Example: For an outdoor client, Popfly helped me collaborate with creators who produced 100+ authentic posts, with 75% shared on Instagram Stories, driving a 2x increase in brand engagement.

Ready to simplify your UGC campaigns? 

Explore Popfly for Brands to connect with creators and streamline your workflow today.

🤖 4. ChatGPT: Writing and Scaling UGC Content

What It Does: ChatGPT is my AI sidekick for brainstorming, writing, and optimizing UGC-related content. It’s like having a creative assistant who never sleeps.

How I Use ChatGPT for UGC:

  • Captions: I feed ChatGPT a user’s review and ask it to craft a punchy caption that fits the brand’s voice.
  • DM Templates: It generates polite, professional messages to request usage rights from fans.
  • Repurposing: I use it to summarize long user reviews into bite-sized quotes for posts.
  • Ideation: It helps brainstorm campaign ideas, like a “Day in the Life” UGC challenge.

Why It Works: ChatGPT saves time and keeps me from hitting writer’s block. It’s especially handy for scaling content across multiple platforms.

Example: For a tech client, I used ChatGPT to turn a 200-word user review into a 50-character tweet that eventually got 500+ likes.

Building a Foolproof UGC Toolkit 

That almost-posted meme taught me three big tips for managing UGC campaigns:

  1. Double-Check Accounts: Always verify you’re logged into the right account before posting. I now use a checklist in Assembly to confirm the client, platform, and content.
  2. Centralize Your Tools: Using a mix of Canva, Assembly, Popfly, and ChatGPT keeps everything organized and efficient. Each tool has a clear role, from creation to execution.
  3. Plan for Scale: Interactive campaigns on Popfly and automated writing with ChatGPT let me handle multiple clients without burning out.

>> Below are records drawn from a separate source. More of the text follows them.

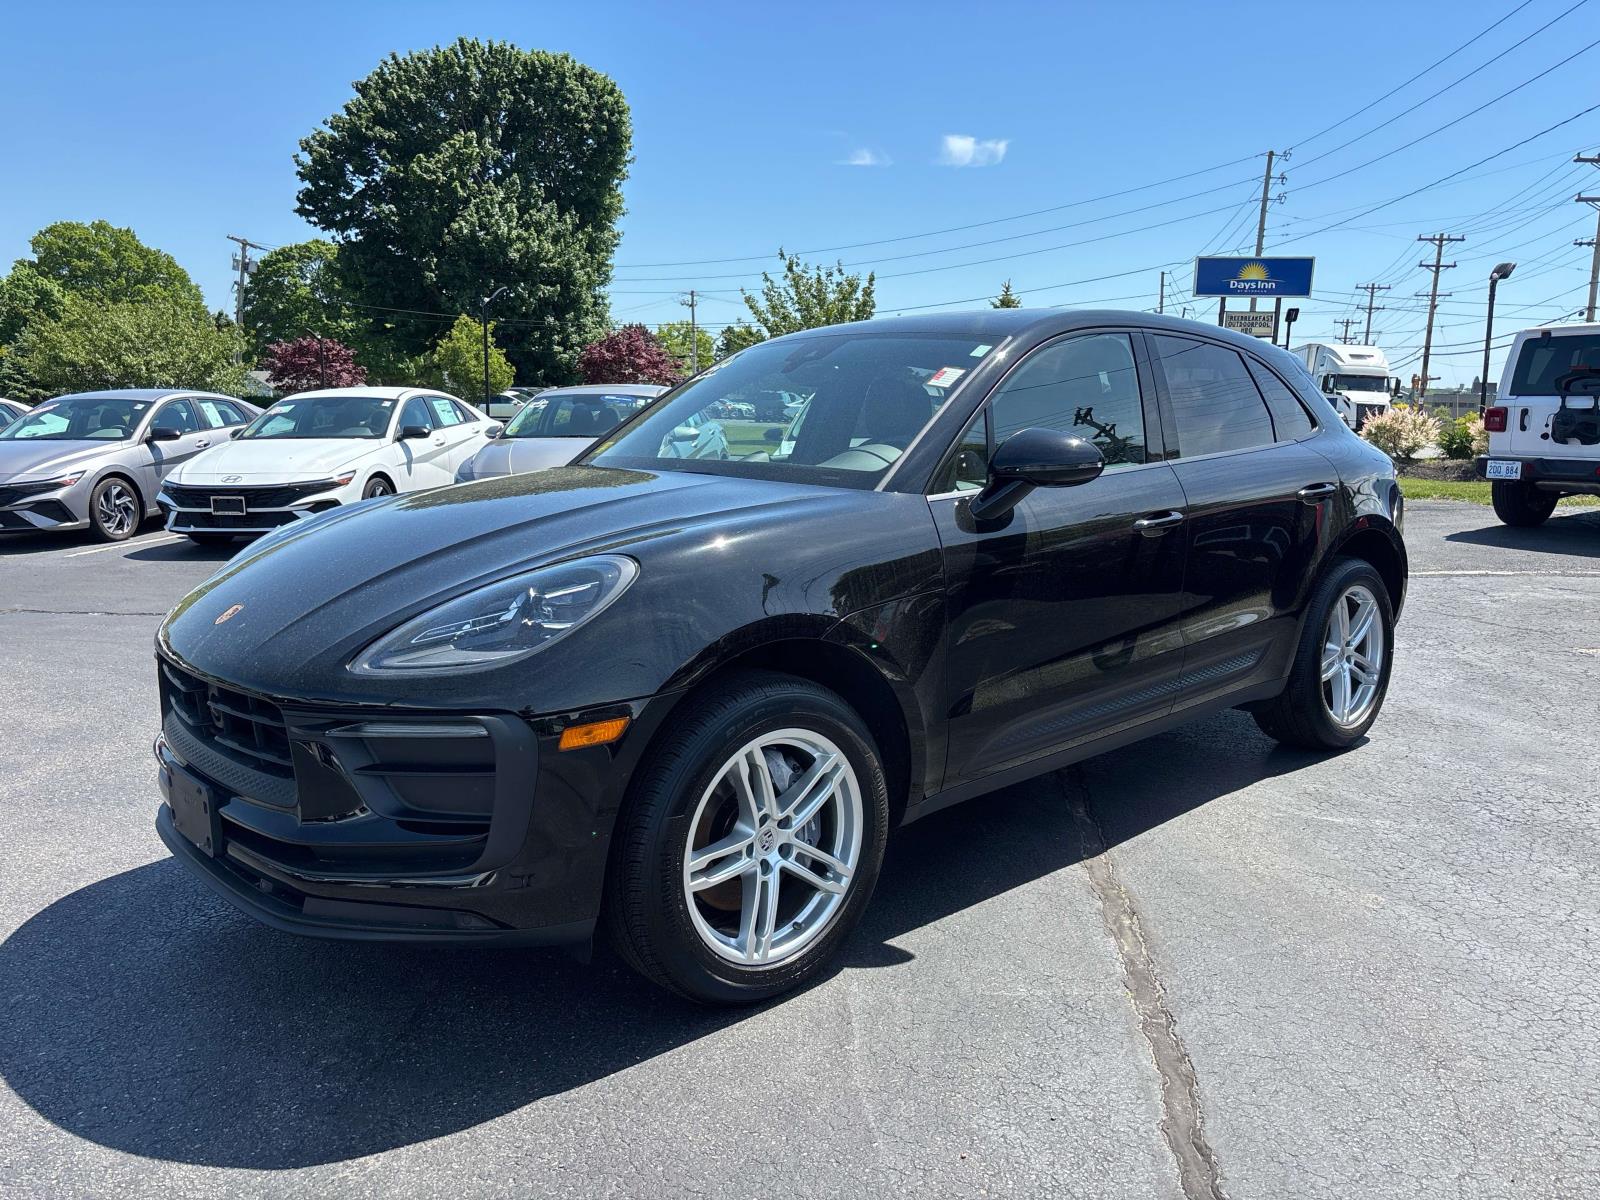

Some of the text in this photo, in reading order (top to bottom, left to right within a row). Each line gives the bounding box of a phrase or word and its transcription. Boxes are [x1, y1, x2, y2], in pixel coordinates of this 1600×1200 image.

[1230, 281, 1276, 289] Days Inn
[1505, 466, 1519, 475] 884
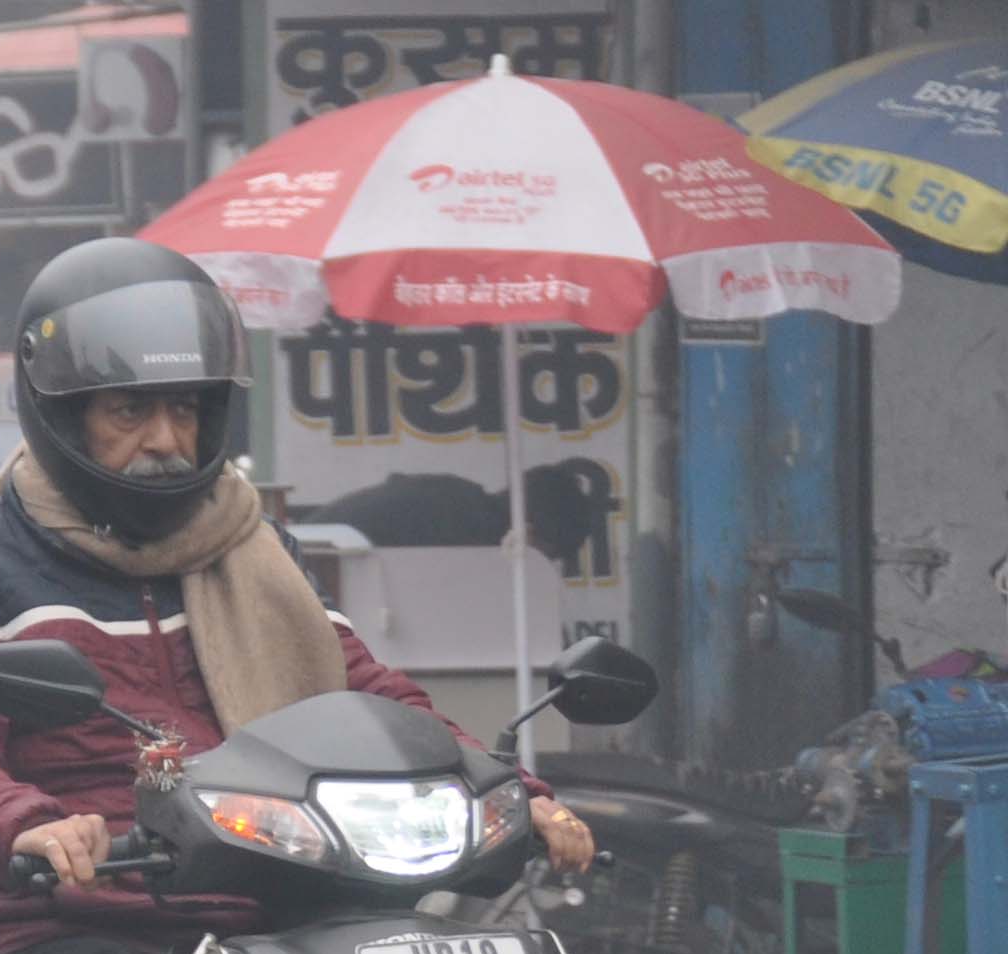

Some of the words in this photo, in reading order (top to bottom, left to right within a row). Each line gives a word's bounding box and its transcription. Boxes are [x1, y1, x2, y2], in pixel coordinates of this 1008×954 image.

[913, 80, 1002, 113] BSNL
[784, 146, 899, 199] BSNL
[908, 179, 967, 225] 5G
[143, 353, 201, 364] HONDA

Final Thoughts: Your UGC Campaigns Can Thrive

Running UGC campaigns is like hosting a great party—you need the right mix of creativity, structure, and tools to keep the vibe alive. By combining Canva’s visual magic, Assembly’s organization, Popfly’s interactivity, and ChatGPT’s writing power, I’ve turned chaotic campaigns into smooth, engaging experiences. Whether you’re managing one brand or ten, these tools can help you avoid meme-level mishaps and make your audience feel like part of the story.